[EXERCISE OBJECTIVE] Would you repeat each line below exactly, without the pictures?

[RECORDS FOR THIS TASK]
....

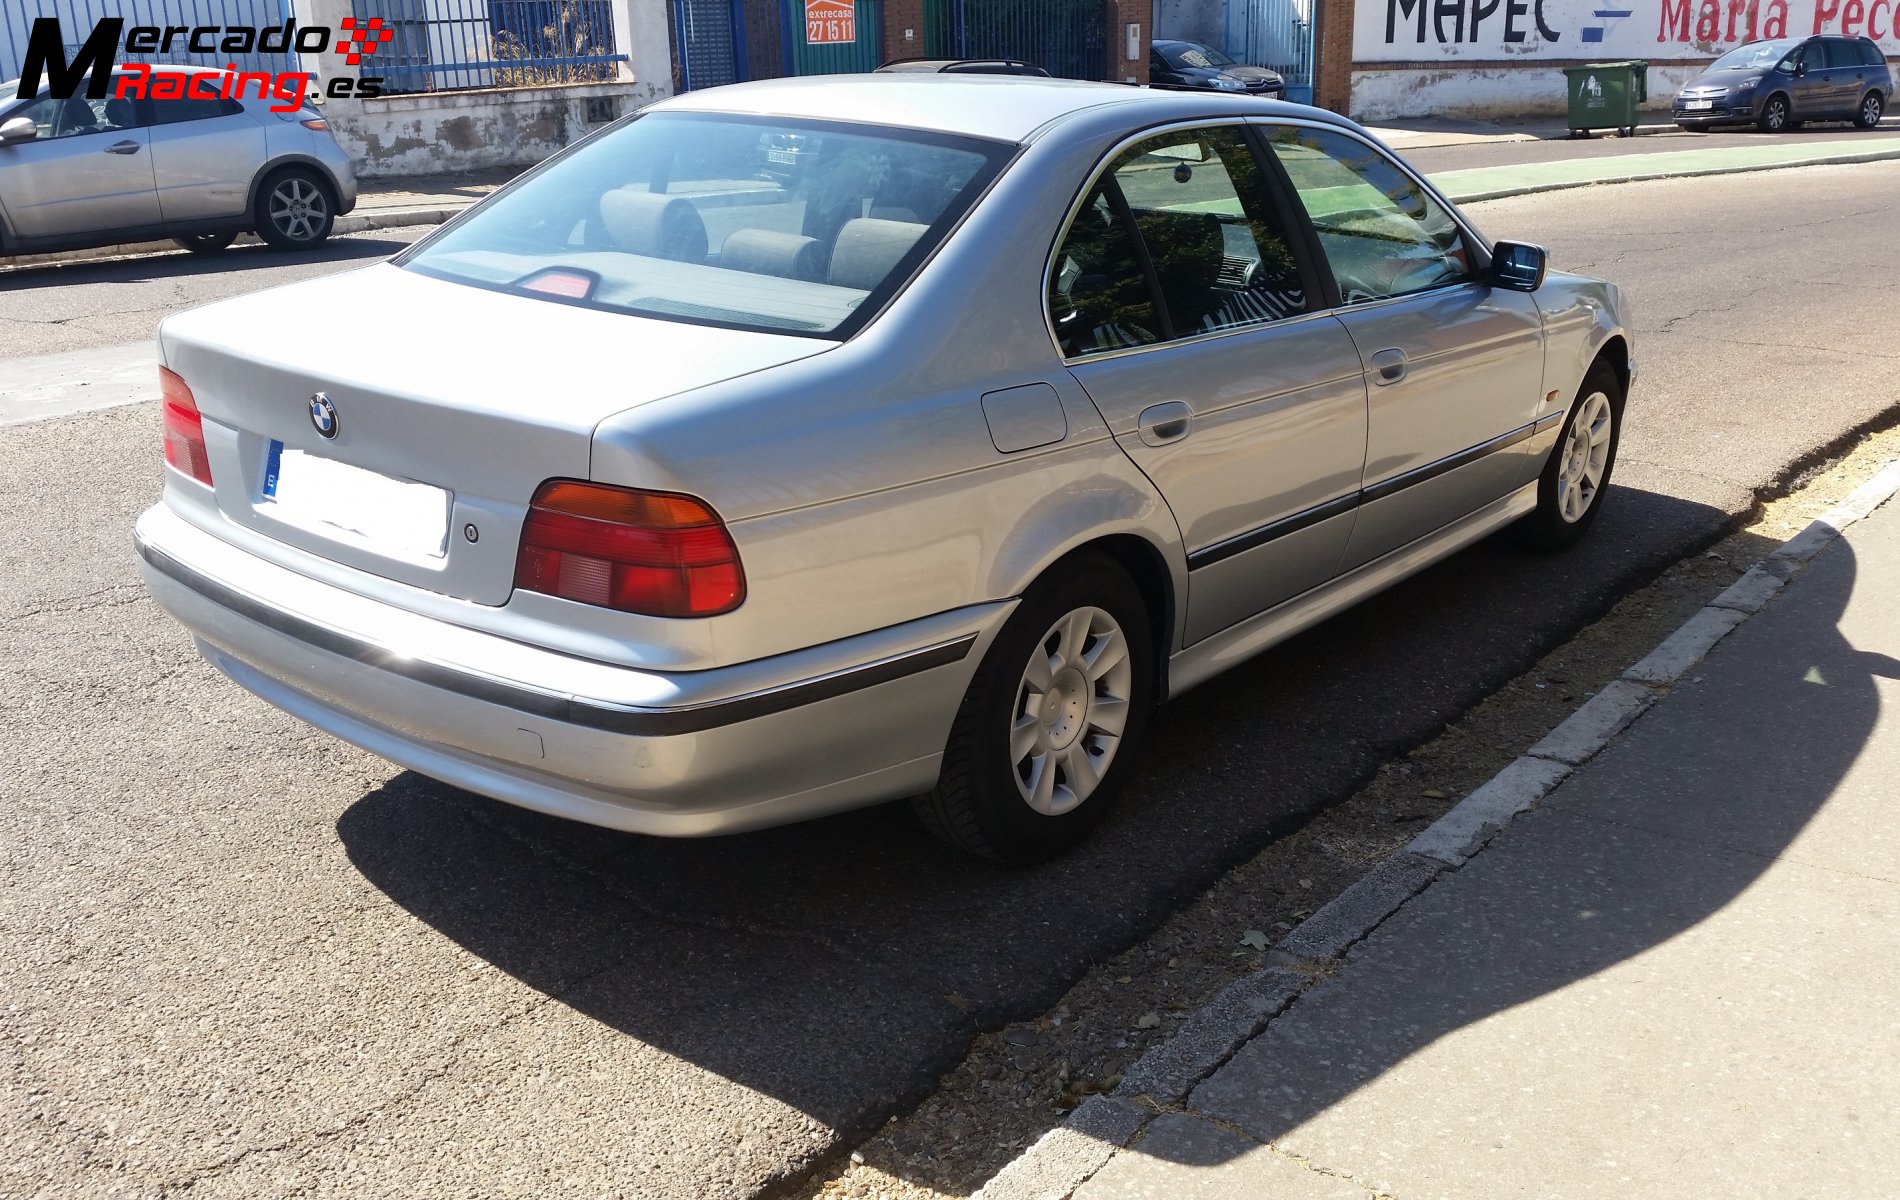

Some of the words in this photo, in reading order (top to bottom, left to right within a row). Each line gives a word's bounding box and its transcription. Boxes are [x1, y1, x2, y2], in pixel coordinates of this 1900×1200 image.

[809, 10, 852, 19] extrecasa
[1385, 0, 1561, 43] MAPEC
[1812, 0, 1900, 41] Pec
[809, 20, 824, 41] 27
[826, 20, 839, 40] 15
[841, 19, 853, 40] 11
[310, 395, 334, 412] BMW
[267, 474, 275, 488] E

....

[EXERCISE ANSWER]
Some of the words in this photo, in reading order (top to bottom, left to right within a row). Each line gives a word's bounding box and its transcription. Boxes are [x1, y1, x2, y2], in pixel coordinates of this 1900×1200 image.

[809, 10, 852, 19] extrecasa
[1385, 0, 1561, 43] MAPEC
[1812, 0, 1900, 41] Pec
[809, 20, 824, 41] 27
[826, 20, 839, 40] 15
[841, 19, 853, 40] 11
[310, 395, 334, 412] BMW
[267, 474, 275, 488] E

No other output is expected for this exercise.